The inspector made one of those affirmative noises which committed him to nothing definite. It seemed to satisfy Dr. Barreman, for he led the way to Mr. Dunne’s sitting-room. As they entered Mr. Dunne was standing at the window with his back to them, apparently gazing up at the sky; but at the sound of their steps he swung round, and the inspector saw that he held in his hand a large white stone.
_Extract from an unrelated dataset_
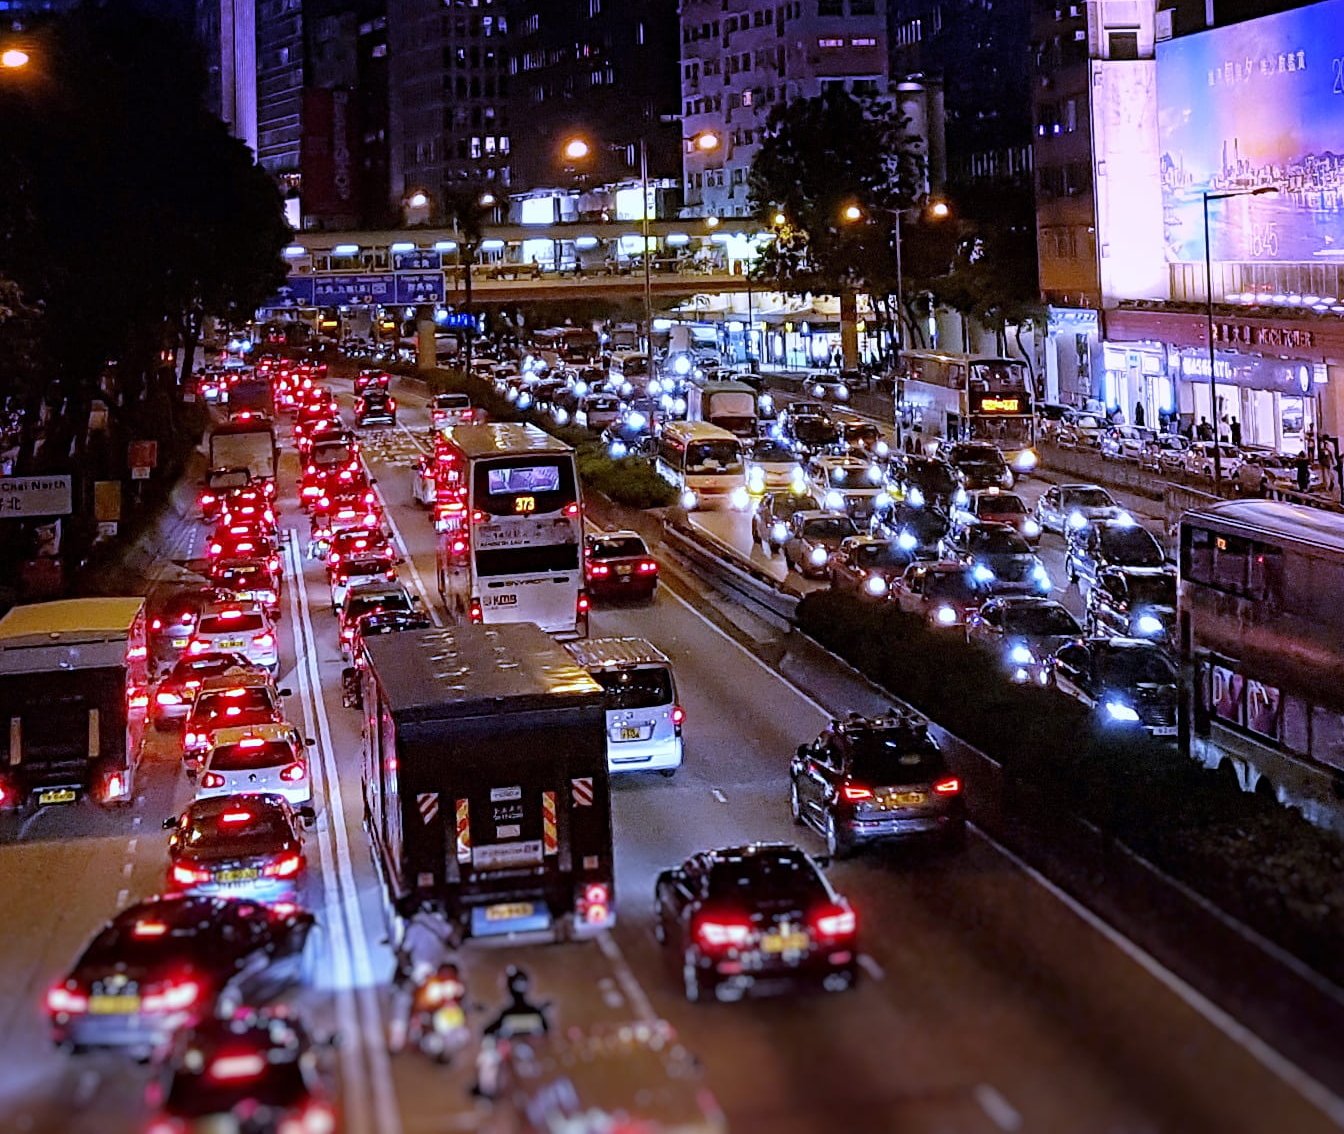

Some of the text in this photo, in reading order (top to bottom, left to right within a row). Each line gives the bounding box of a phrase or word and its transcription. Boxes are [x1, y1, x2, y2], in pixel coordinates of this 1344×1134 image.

He laid it down on a table as he advanced to meet his visitors.
“This is Inspector Hinton,” the doctor explained. “He would like to hear anything you can tell him about the accident this morning, Mr. Dunne.”
Mr. Dunne acknowledged the inspector’s greeting politely. He seemed in no way perturbed by this unexpected intrusion.
“I shall be delighted to help you if I can,” he said frankly. “Only, I’m afraid I can’t tell you much that will be of service. The fact is . . .” His eye wandered to the doctor for a moment. “The fact is, my memory is rather treacherous at times.”
“Quite so,” the inspector said sympathetically.
“I really remember nothing between the time I went to bed last night and the moment when I came upon some gentlemen in a little glade in a wood, this morning,” Mr. Dunne pursued, as if such a phenomenon was one of the commonest. “From that moment onwards, I think I can tell you what happened, clearly enough.”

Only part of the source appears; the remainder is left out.